● **What you should do**: Return each record unchanged and drop the images.

--- Data shown Enclosed Below ---

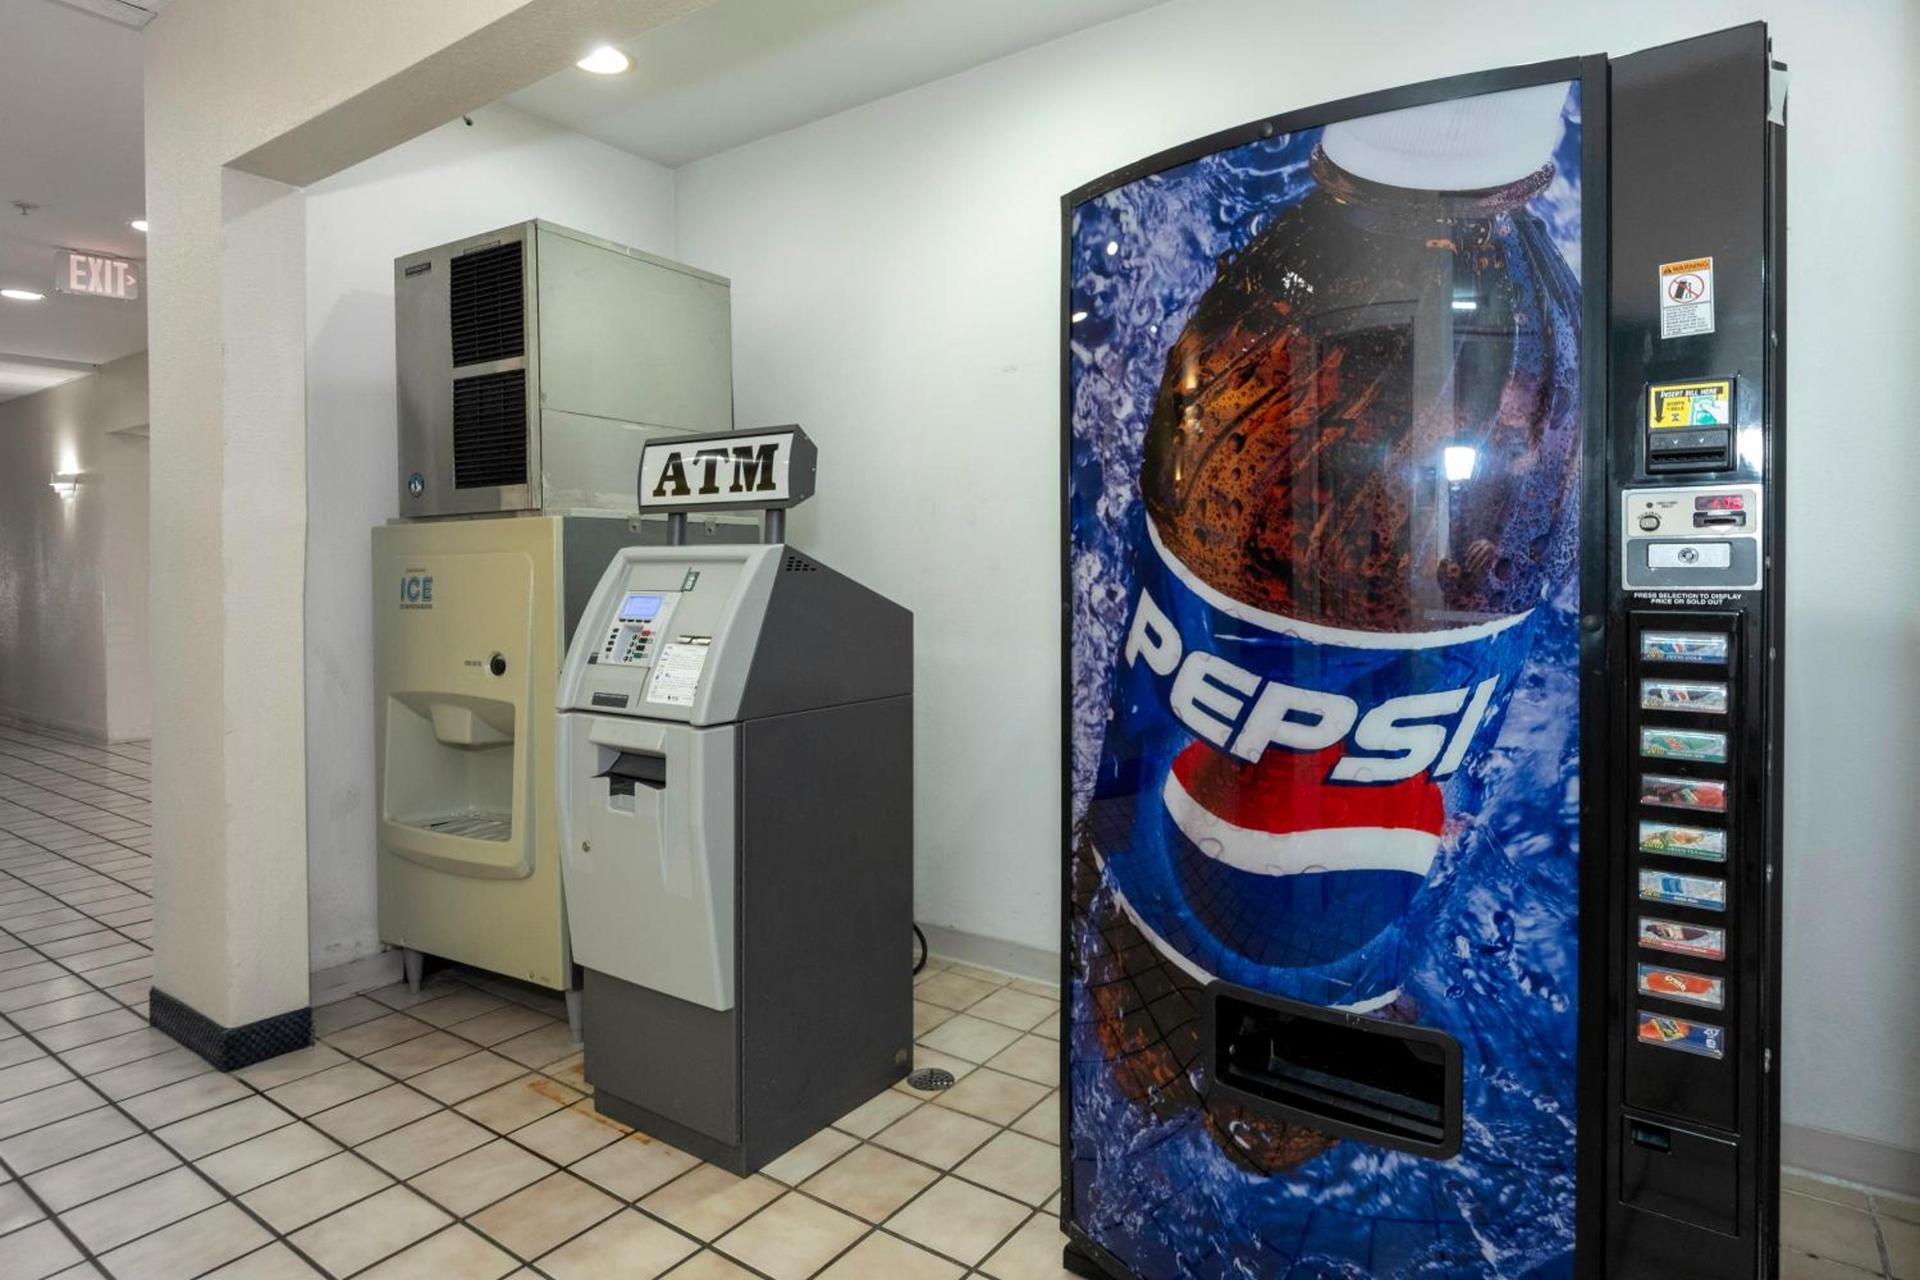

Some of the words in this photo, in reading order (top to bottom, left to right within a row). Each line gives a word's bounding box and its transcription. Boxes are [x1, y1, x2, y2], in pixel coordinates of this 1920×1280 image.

[70, 254, 129, 297] EXIT
[1673, 261, 1709, 272] WARNING
[653, 443, 779, 497] ATM
[400, 576, 433, 602] ICE
[1125, 587, 1500, 782] PEPSI
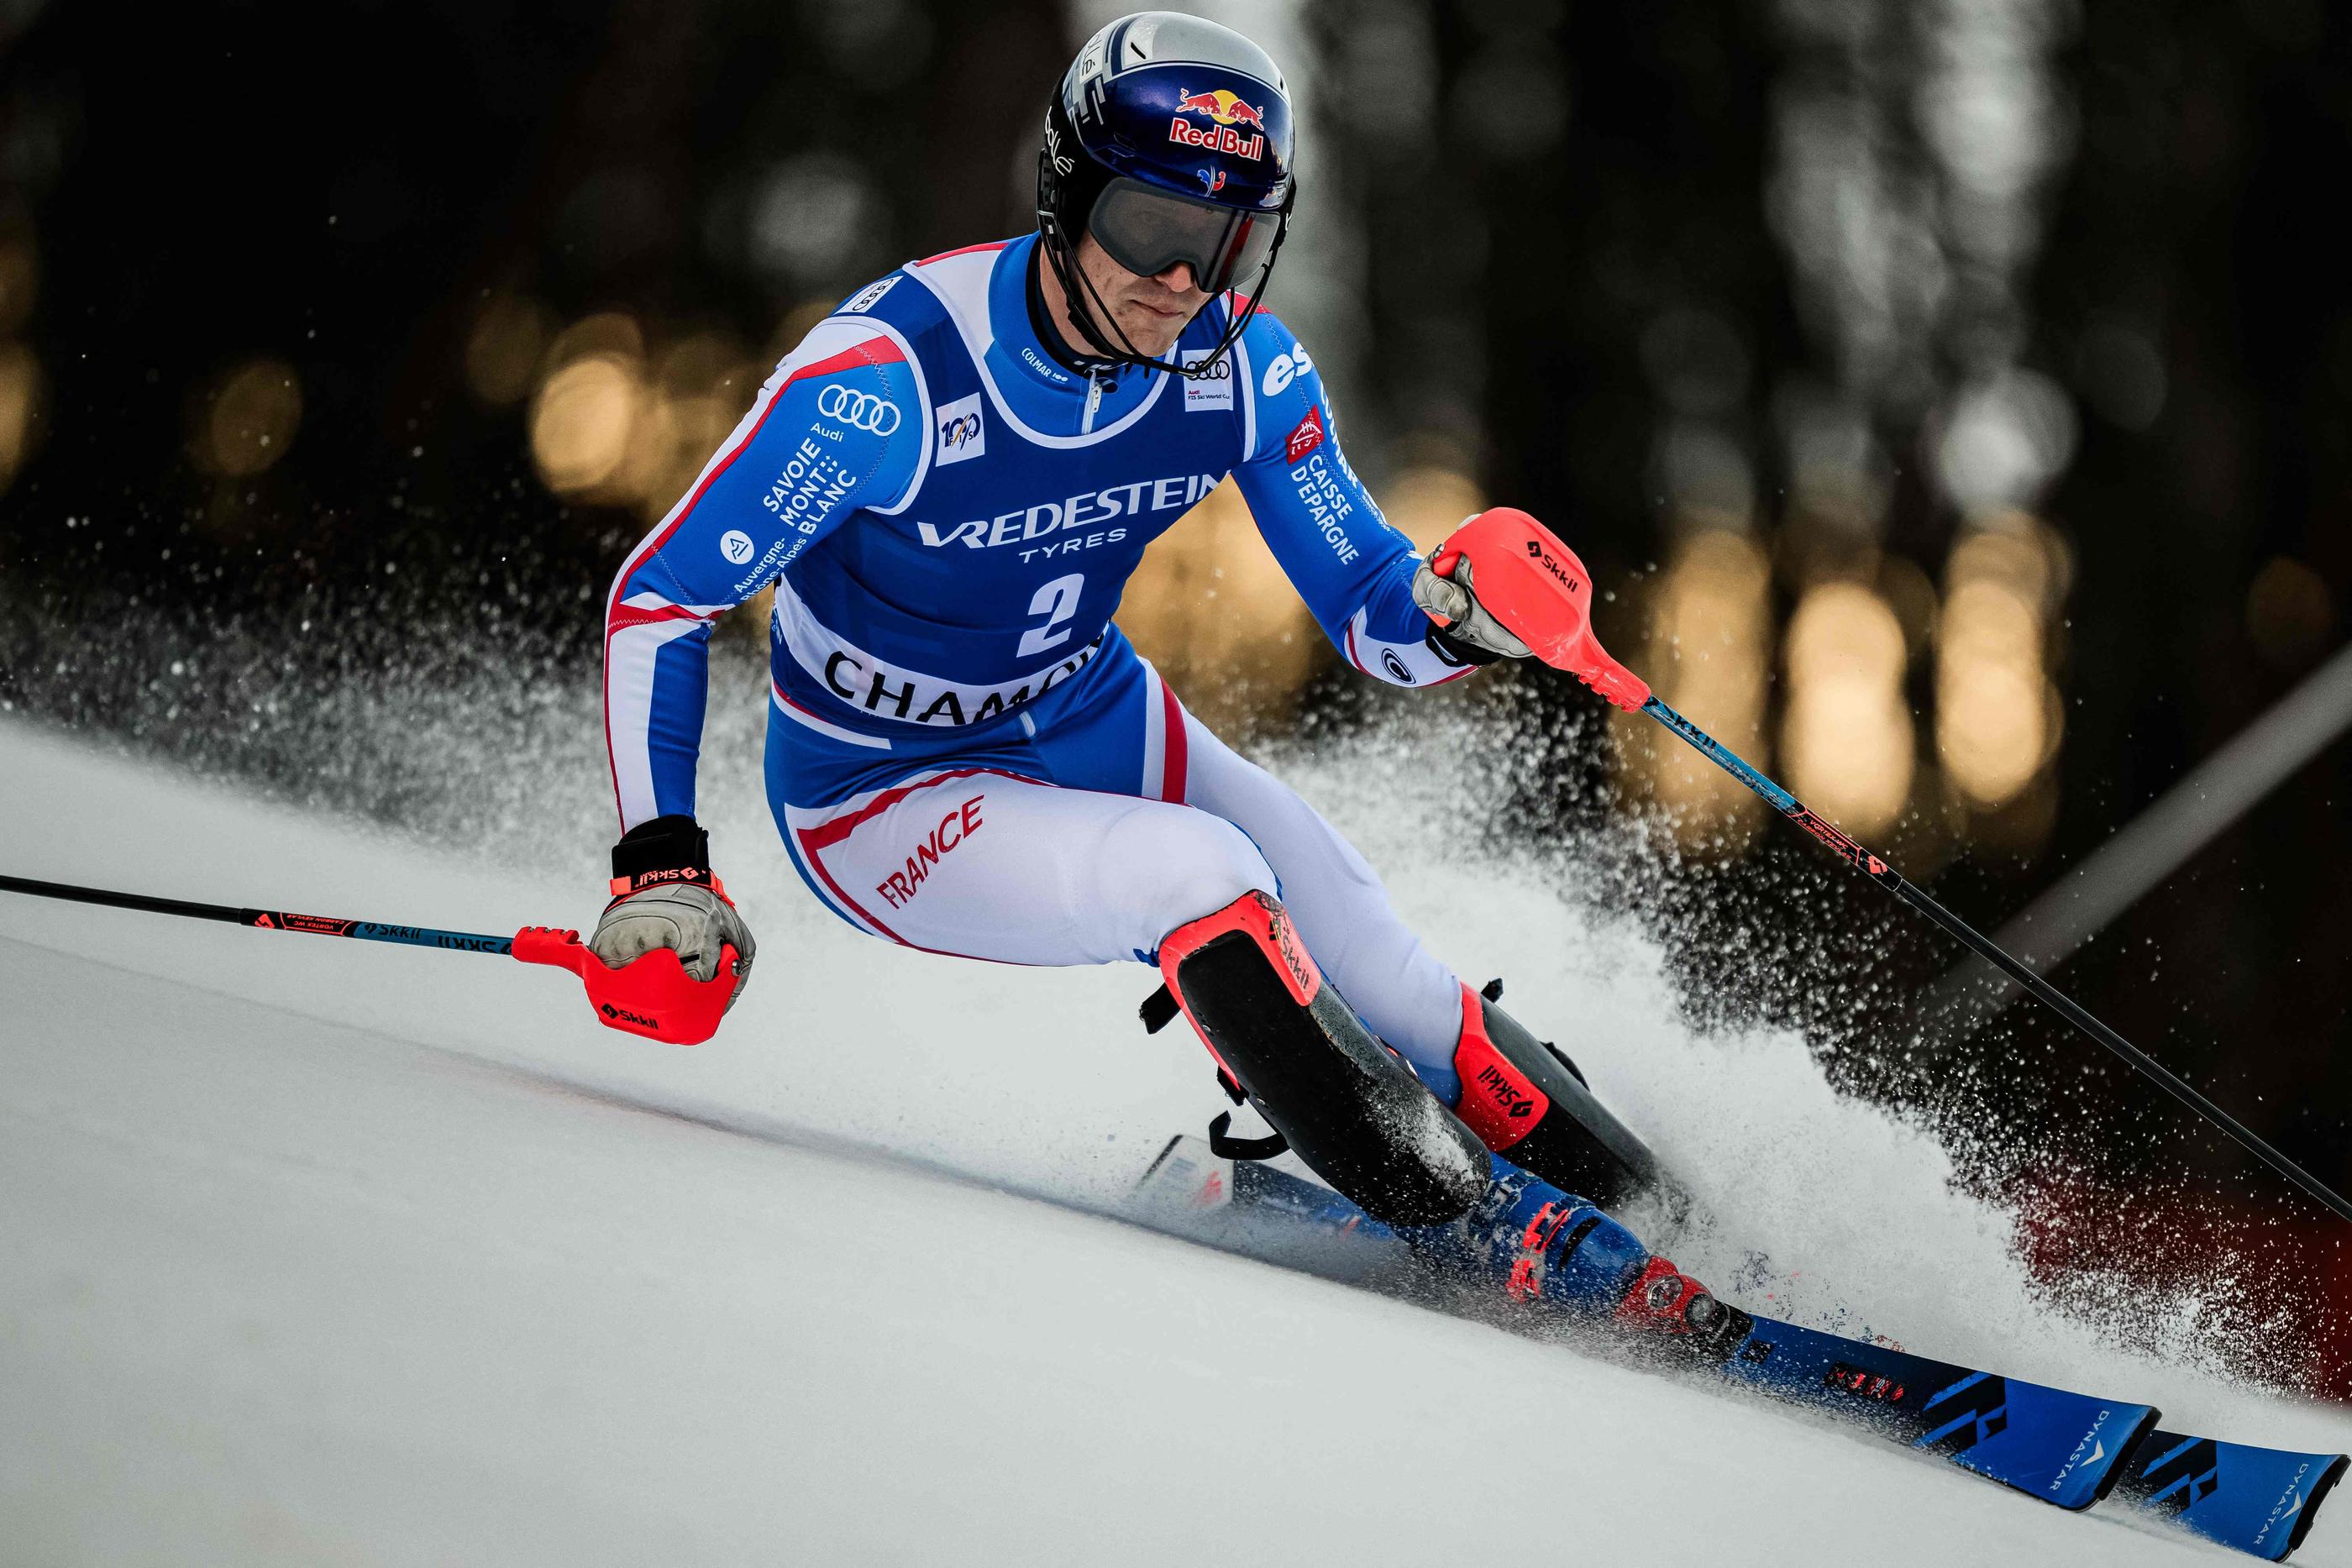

--- End of Enclosed Data shown ---

● **Your solution**:
Some of the words in this photo, in reading order (top to bottom, left to right within a row). Each line gives a word's bounding box and its transcription. Boxes are [x1, y1, x2, y2], in pixel coordinates of this 1920×1280 image.

[70, 254, 129, 297] EXIT
[1673, 261, 1709, 272] WARNING
[653, 443, 779, 497] ATM
[400, 576, 433, 602] ICE
[1125, 587, 1500, 782] PEPSI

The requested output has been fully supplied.